Ha sido un juez, no un fiscal, y menos aun un ministro, el que, siguiendo los dictámenes del Tribunal Constitucional, ha ordenado las detenciones de catorce personas, entre ellos varios relevantes cargos del Gobierno de Cataluña, una veintena de registros y la incautación de millones de papeletas preparadas para la votación en el referéndum separatista del próximo octubre. Es francamente grimoso que las decisiones de un juez en un Estado democrático para impedir una consulta ilegal, ilegítima e inconstitucional sean considerados, por bellas almas como Arnaldo Otegui o héroes de la libertad como Pablo Iglesias -antes de llegar Pablo Iglesias ignorábamos lo que era una democracia, que Laclau nos ampare- un golpe de Estado o la declaración de un estado de sitio parangoneable al proclamado por Augusto Pinochet en Chile. Ocurre aproximada (aunque no exactamente) lo contrario. El Gobierno presidido por Carles Puigdemont ha pisoteado la Constitución, el Estatuto de Autonomía, el Consejo de Garantías Estatutarias y hasta al secretario del Parlament para sacar adelante un referéndum carente de los mínimos avales de seguridad jurídica y operativa. Quizás puedan debatirse las decisiones de la autoridad judicial en un foro de internet gracias a una infusa ciencia politológica, jurídica o frenológica. En todo caso siempre resultan opinables. Pero en absoluto concede una brizna de razón a los que, encaramados en una apurada mayoría parlamentaria -y con una suma de votos que no llegan al 49% de los emitidos hace año y medio- pretenden proclamar una república por sus escrotos estelados. Por supuesto que decenas de miles, tal vez cientos de miles de personas compran y comprarán la mercancía de un Rajoy golpista, una España cuartelera y catalanofóbica y rancia y envidiosa del europeísmo barcelonés, del genio de Messi y de la escudella i carn d'olla. La nueva izquierda se nutre de este basurero sentimental, de este antifascismo sin fascistas, que se reduce a mero postureo publicitario. No quiere una solución democrática para la persistente insatisfacción política de la mitad de los ciudadanos catalanes: quiere sumarse al barullo y la trapisonda para propiciar inestabilidad política, estimular el follón institucional y abonar discursos insurreccionales de una miseria política e intelectual escalofriante.
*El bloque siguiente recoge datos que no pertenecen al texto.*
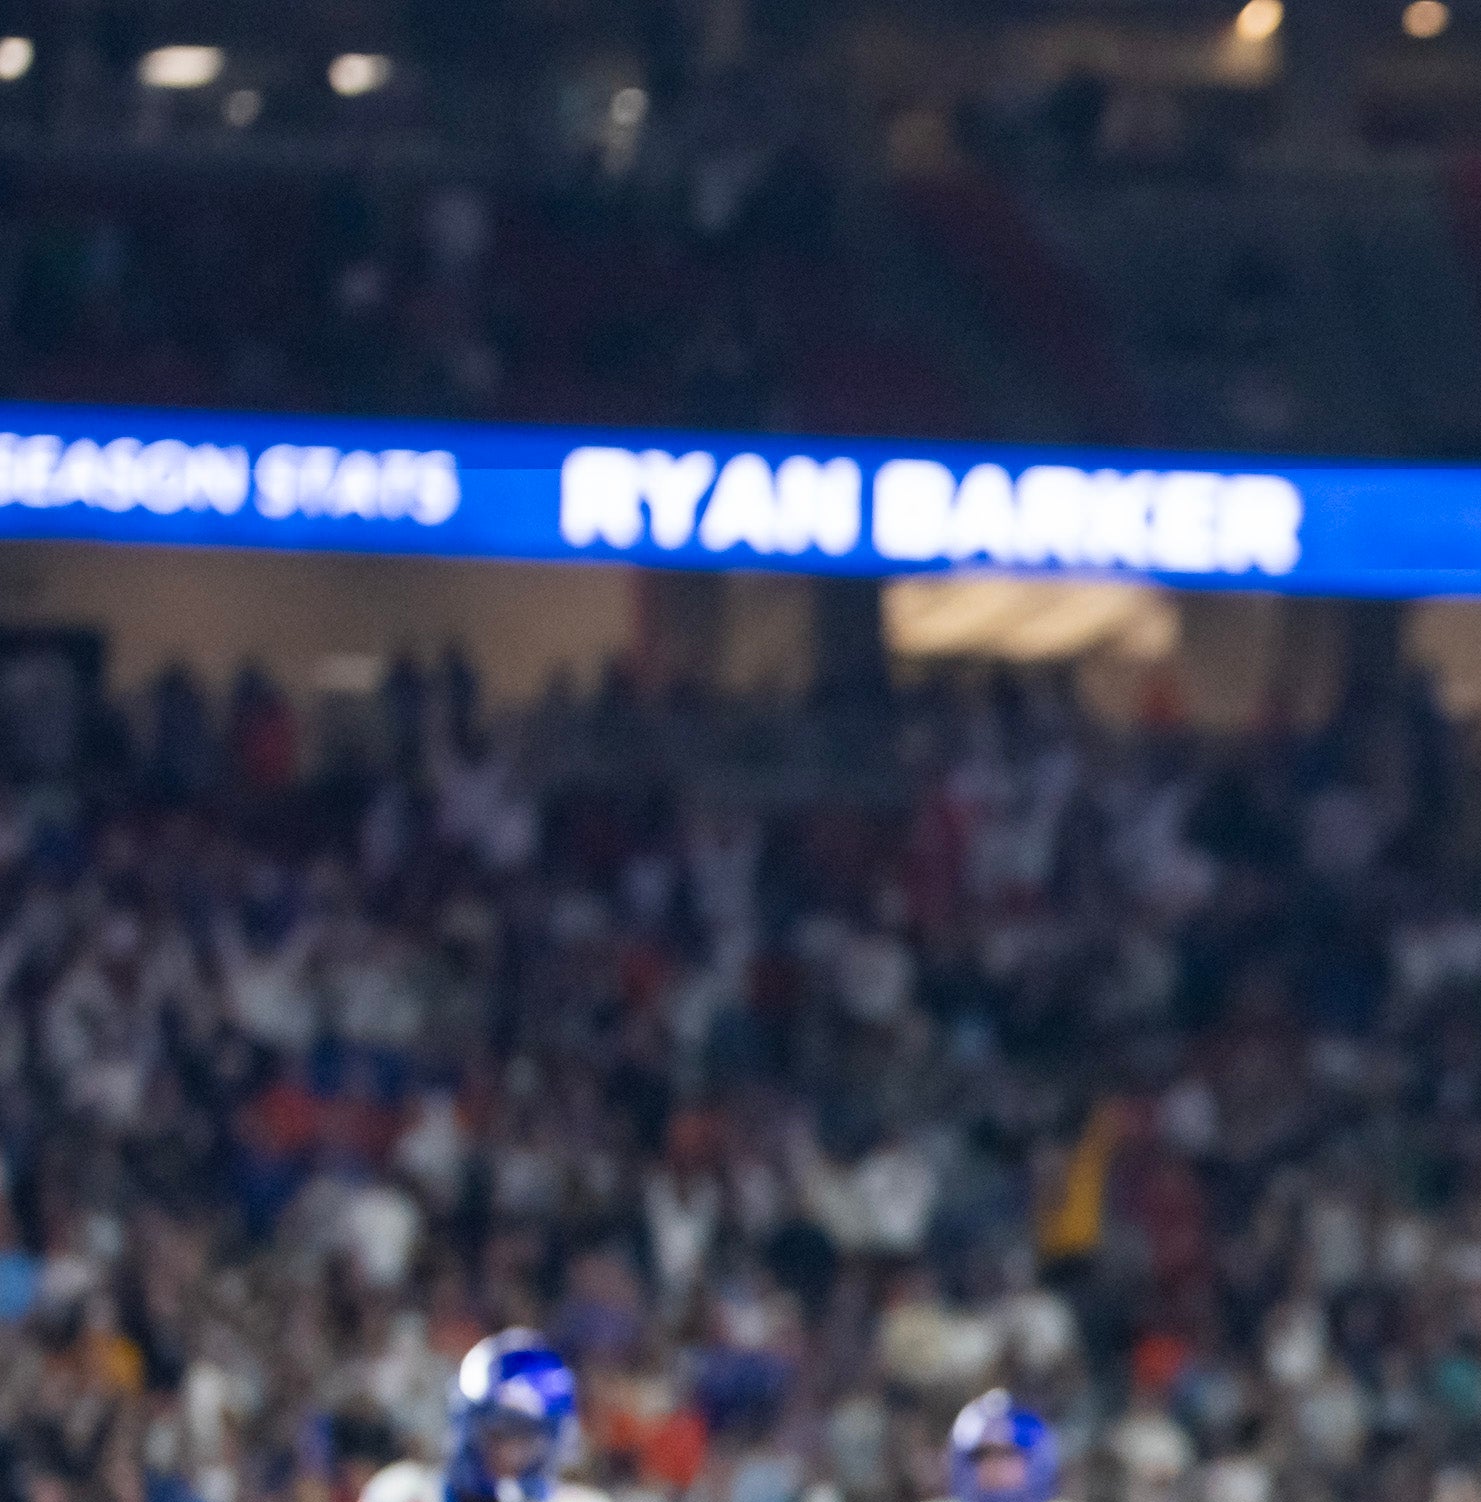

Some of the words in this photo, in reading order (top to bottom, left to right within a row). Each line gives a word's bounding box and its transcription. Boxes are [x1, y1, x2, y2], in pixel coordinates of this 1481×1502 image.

Y sí, soy de los que creo que Mariano Rajoy, después de su intervención de ayer, debería llamar esta mañana a Puigdemont e invitarlo a una reunión urgente en La Moncloa. Y, como es obvio, informar que lo ha hecho nada más colgar el teléfono. El Gobierno catalán desconvoca ese referéndum aun no convocado y deroga las leyes que supuestamente le otorgan cobertura normativa a la consulta, y el Gobierno español se compromete, desde su mayoría en las Cortes, a estudiar una reforma constitucional en una comisión parlamentaria donde estarán presentes todos los partidos con representación en la Cámara catalana y que deberá presentar una propuesta en el plazo de un año. Primero el compromiso cumplir y hacer cumplir la legalidad democrática. Y segundo el compromiso de alcanzar un amplio consenso político que termine con esta insensatez oligofrénica y refunda la convivencia política, ideológica y sentimental en Cataluña y en España. Porque pasados los próximos dos o tres días, no habrá más oportunidades abiertas al diálogo político y la razón democrática.